Primary Glioblastoma Clinical Trial
— EMITTOfficial title:
(Cost)Effectiveness of MR-guided LITT Therapy in Patients With Primary Irresectable Glioblastoma: a Prospective Multicenter Randomized Controlled Trial (EMITT)
Verified date | September 2023 |
Source | Radboud University Medical Center |
Contact | n/a |
Is FDA regulated | No |
Health authority | |
Study type | Interventional |
The aim of this study is to investigate the (cost-)effectiveness of LITT (Laser Interstitial Thermal Therapy) in primary irresectable glioblastoma.
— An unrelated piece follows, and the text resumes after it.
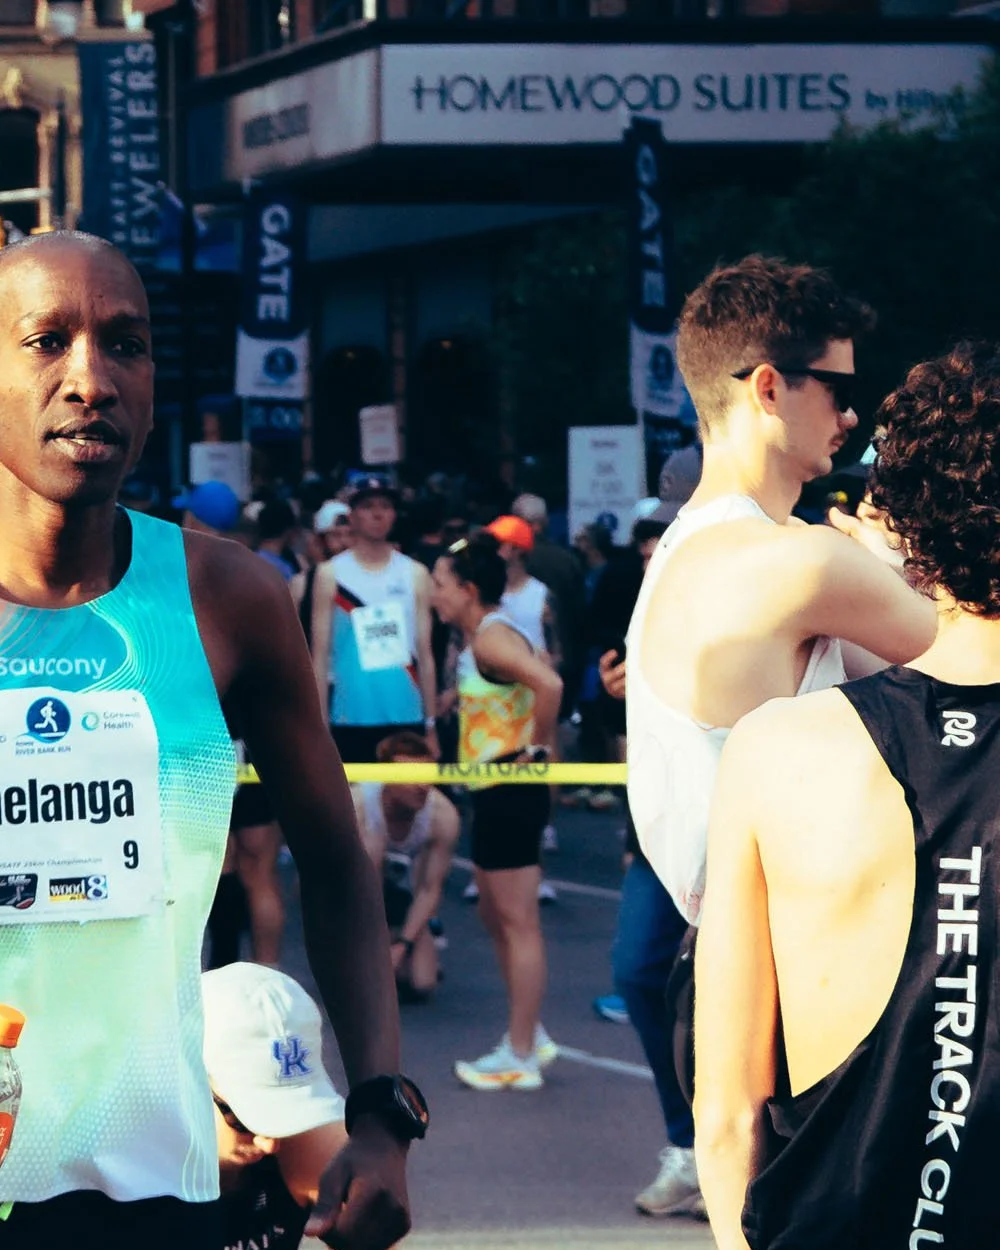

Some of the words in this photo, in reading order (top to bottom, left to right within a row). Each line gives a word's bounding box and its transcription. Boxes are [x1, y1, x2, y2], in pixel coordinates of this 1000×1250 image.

Glioblastoma are the most common malignant brain tumors and are, due to their devastating nature and the fact that these tumors occur at a relatively young age (median 59 years), responsible for up to 7% of total life years lost from cancer before the age of 70. The current treatment of glioblastoma consists of maximal safe surgery combined with adjuvant chemoradiation therapy (CRT). However, despite this aggressive treatment, these patients still face a poor prognosis (median overall survival 14.5 - 18.5 months). In addition to that, around 30% of the patients diagnosed with a glioblastoma are not suitable for surgery. These patients miss the benefit of a resection and face an even worse prognosis (median overall survival 5.1 months). The primary aim of this project is to investigate whether laser therapy combined with CRT improves overall survival, without compromising quality of life, in comparison with CRT alone in patients with primary irresectable glioblastoma.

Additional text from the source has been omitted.